# Applied Data Analysis Project
**Team**: ToeStewBrr - Alexander Sternfeld, Marguerite Thery, Antoine Bonnet, Hugo Bordereaux

**Dataset**: CMU Movie Summary Corpus


In [None]:
import requests
import pandas as pd
import seaborn as sns
import numpy as np
import matplotlib.pyplot as plt
from nltk.tree import Tree
import xml.etree.ElementTree as ET
import itertools

from load_data import *


## 1. Loading data

We first extract all files from the [MoviesSummaries dataset](http://www.cs.cmu.edu/~ark/personas/). 
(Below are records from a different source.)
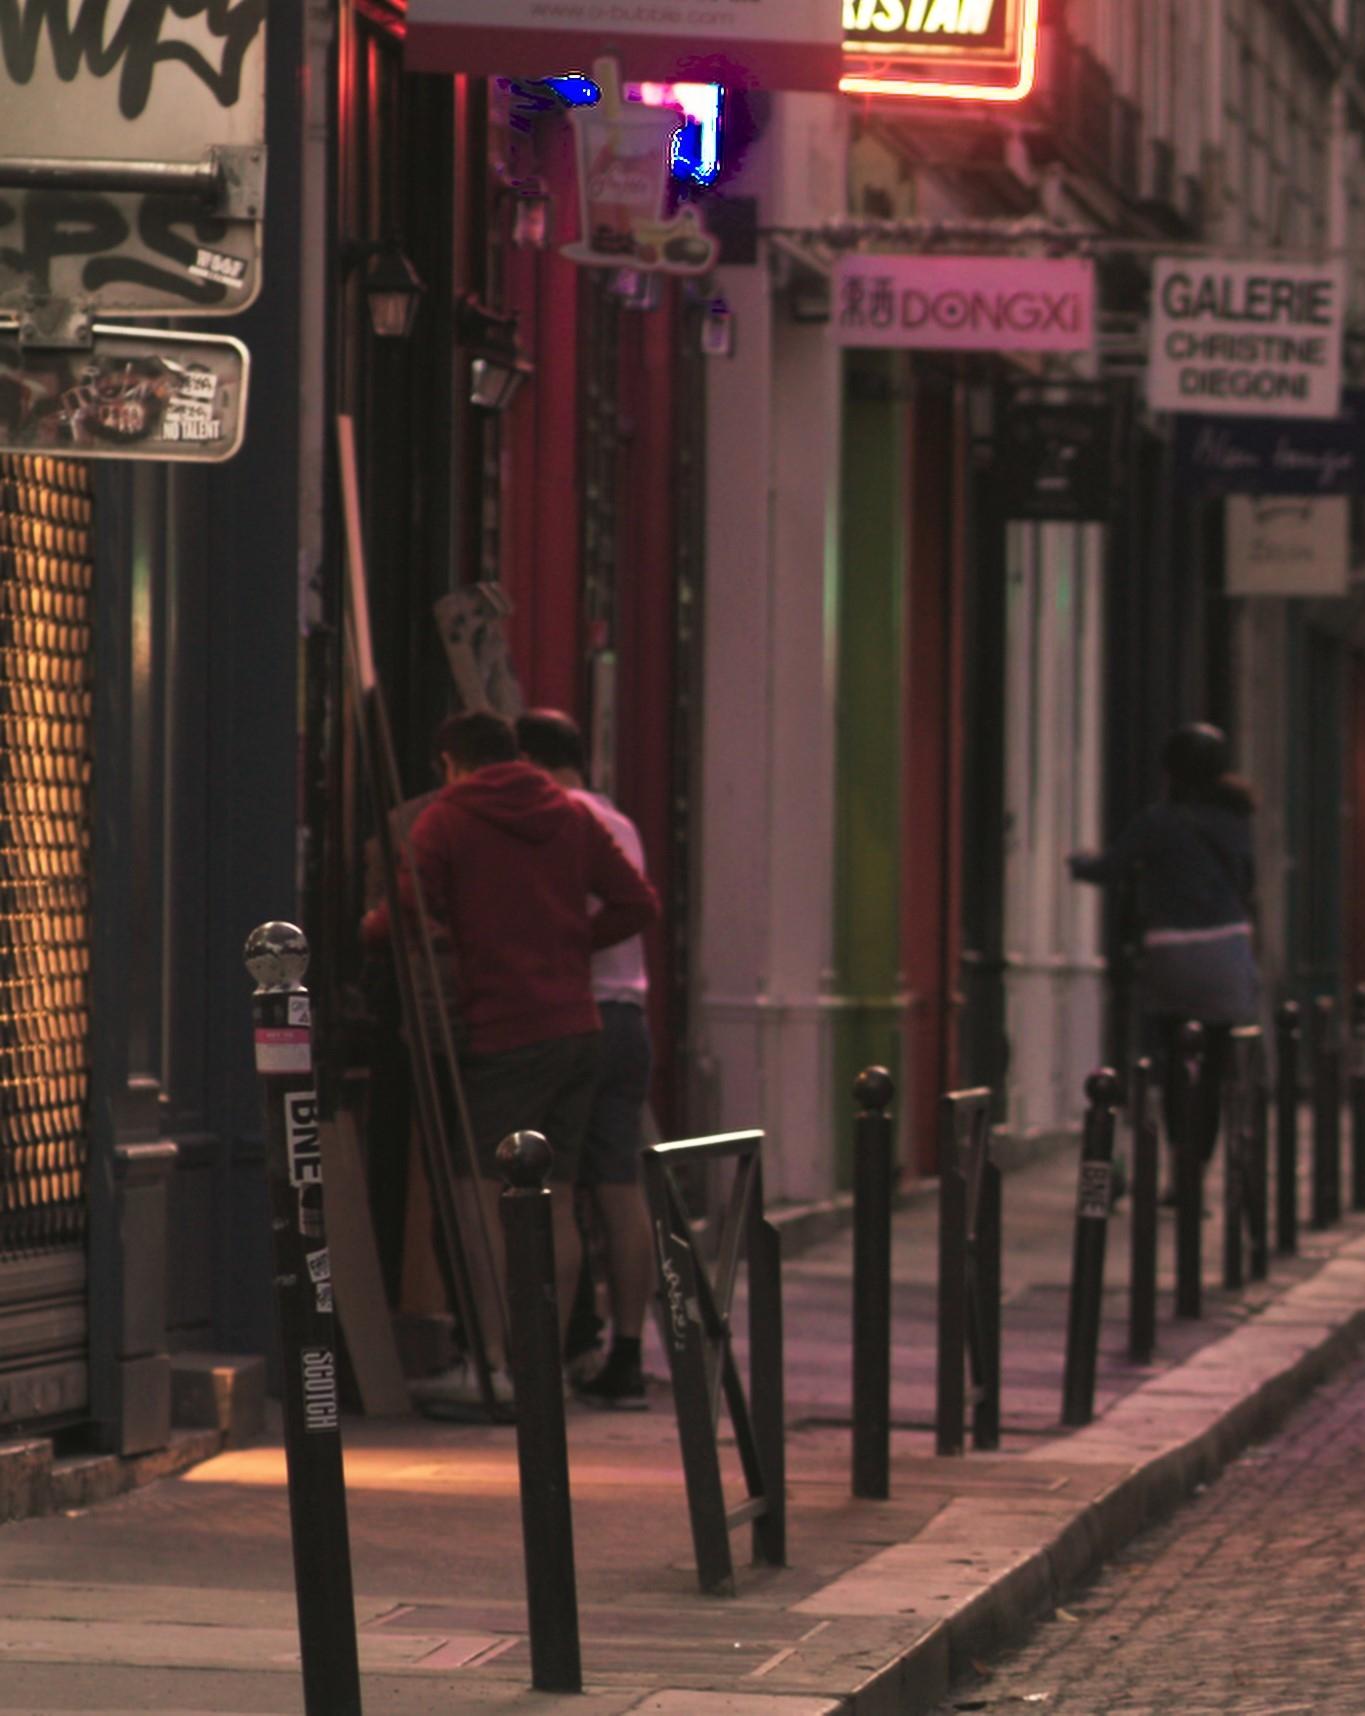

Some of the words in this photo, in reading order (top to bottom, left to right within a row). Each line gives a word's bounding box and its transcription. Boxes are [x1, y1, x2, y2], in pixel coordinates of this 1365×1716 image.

[1161, 272, 1334, 325] GALERIE
[1165, 331, 1327, 365] CHRISTINE
[1179, 367, 1309, 401] DIEGONI
[181, 419, 221, 440] TALENT
[290, 1100, 321, 1181] BNE
[302, 1350, 338, 1430] SCOTCH
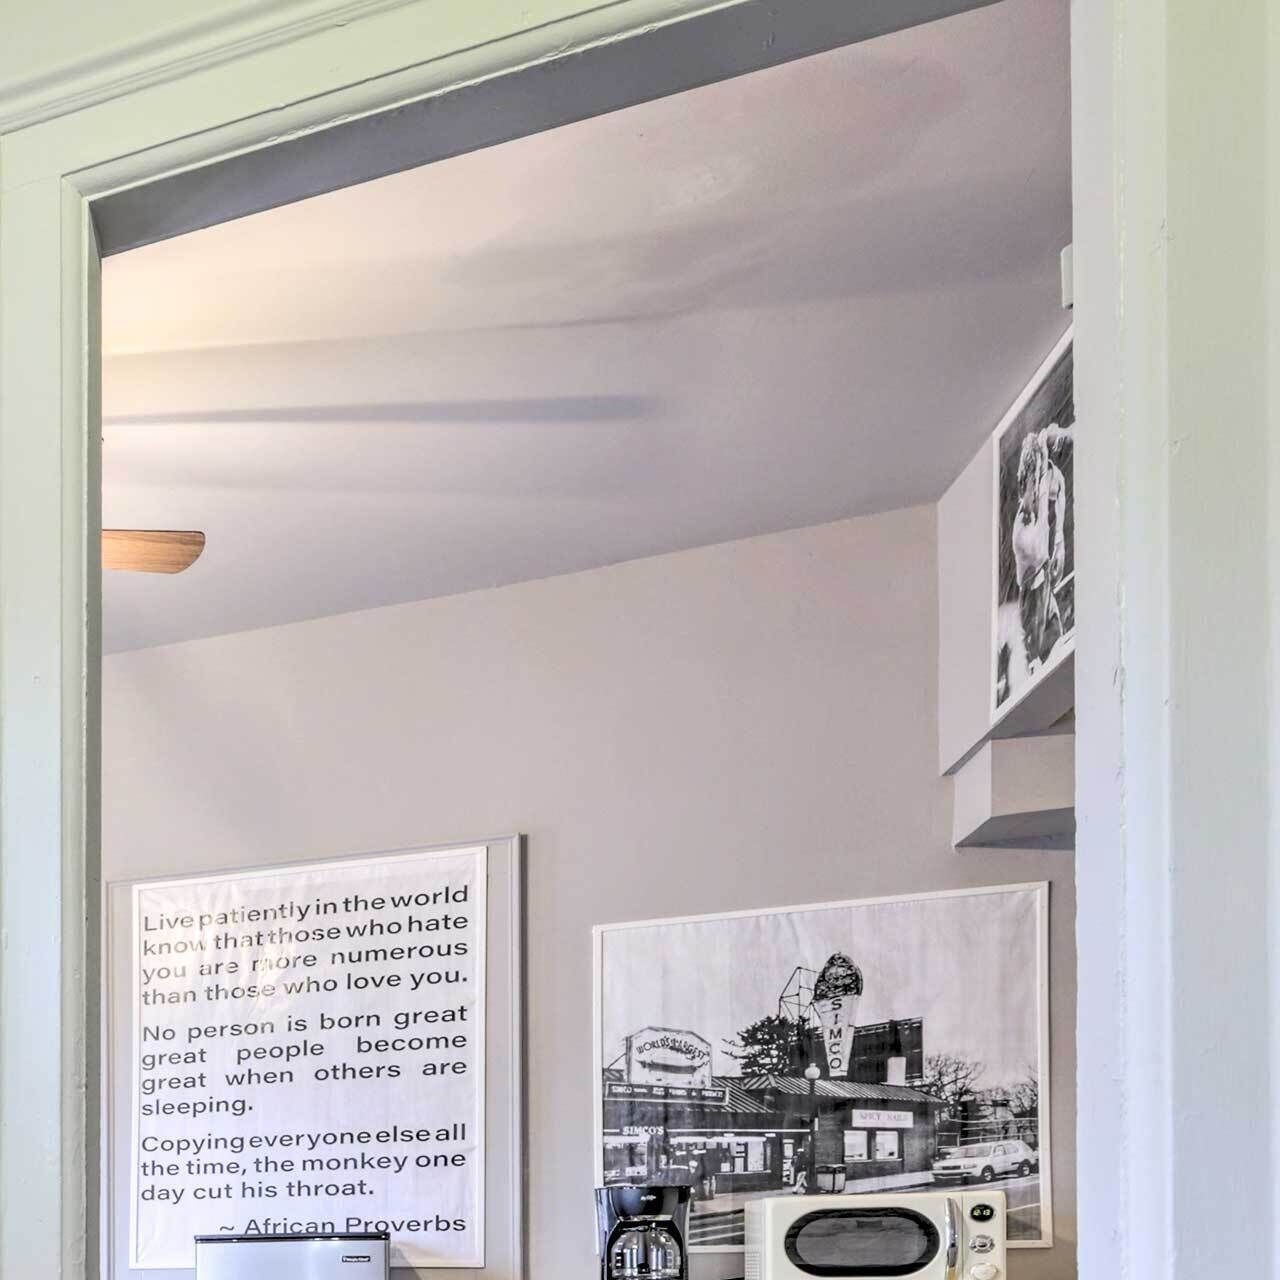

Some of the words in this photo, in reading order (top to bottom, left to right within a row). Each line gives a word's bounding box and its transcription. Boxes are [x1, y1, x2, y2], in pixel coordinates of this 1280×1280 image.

[143, 914, 194, 932] Live
[199, 901, 310, 930] patiently
[316, 899, 337, 915] in
[343, 895, 386, 913] the
[390, 885, 469, 909] world
[143, 939, 206, 957] know
[214, 932, 264, 950] that
[267, 927, 341, 945] those
[346, 920, 402, 938] who
[408, 914, 469, 932] hate
[142, 964, 187, 985] you
[199, 961, 239, 977] are
[251, 954, 318, 973] more
[330, 942, 469, 964] numerous
[142, 989, 197, 1006] than
[205, 982, 276, 1002] those
[283, 976, 338, 995] who
[346, 972, 402, 991] love
[410, 970, 468, 991] you.
[142, 1025, 176, 1042] No
[188, 1022, 275, 1044] person
[287, 1015, 308, 1033] is
[320, 1012, 381, 1031] born
[393, 1005, 468, 1030] great
[828, 998, 843, 1070] SIMCO
[141, 1048, 207, 1071] great
[236, 1039, 325, 1065] people
[356, 1034, 468, 1054] become
[141, 1072, 207, 1095] great
[225, 1067, 294, 1087] when
[314, 1063, 402, 1082] others
[422, 1061, 468, 1077] are
[141, 1096, 254, 1118] sleeping.
[141, 1132, 245, 1155] Copying
[249, 1129, 372, 1150] everyone
[375, 1125, 431, 1143] else
[435, 1123, 467, 1142] all
[140, 1160, 180, 1176] the
[186, 1158, 248, 1177] time,
[254, 1156, 295, 1173] the
[302, 1152, 409, 1174] monkey
[414, 1154, 467, 1169] one
[141, 1184, 185, 1205] day
[192, 1183, 233, 1200] cut
[241, 1181, 278, 1198] his
[285, 1179, 375, 1197] throat.
[243, 1217, 336, 1235] African
[345, 1214, 467, 1235] Proverbs
`corenlp_plot_summaries.tar.gz [628 M, separate download]`: The plot summary of each movie, run through the Stanford CoreNLP pipeline (tagging, parsing, NER and coref). Each filename begins with the Wikipedia movie ID (which indexes into movie.metadata.tsv).

We extract all coreNLP files, then uncompress them to the XML format. 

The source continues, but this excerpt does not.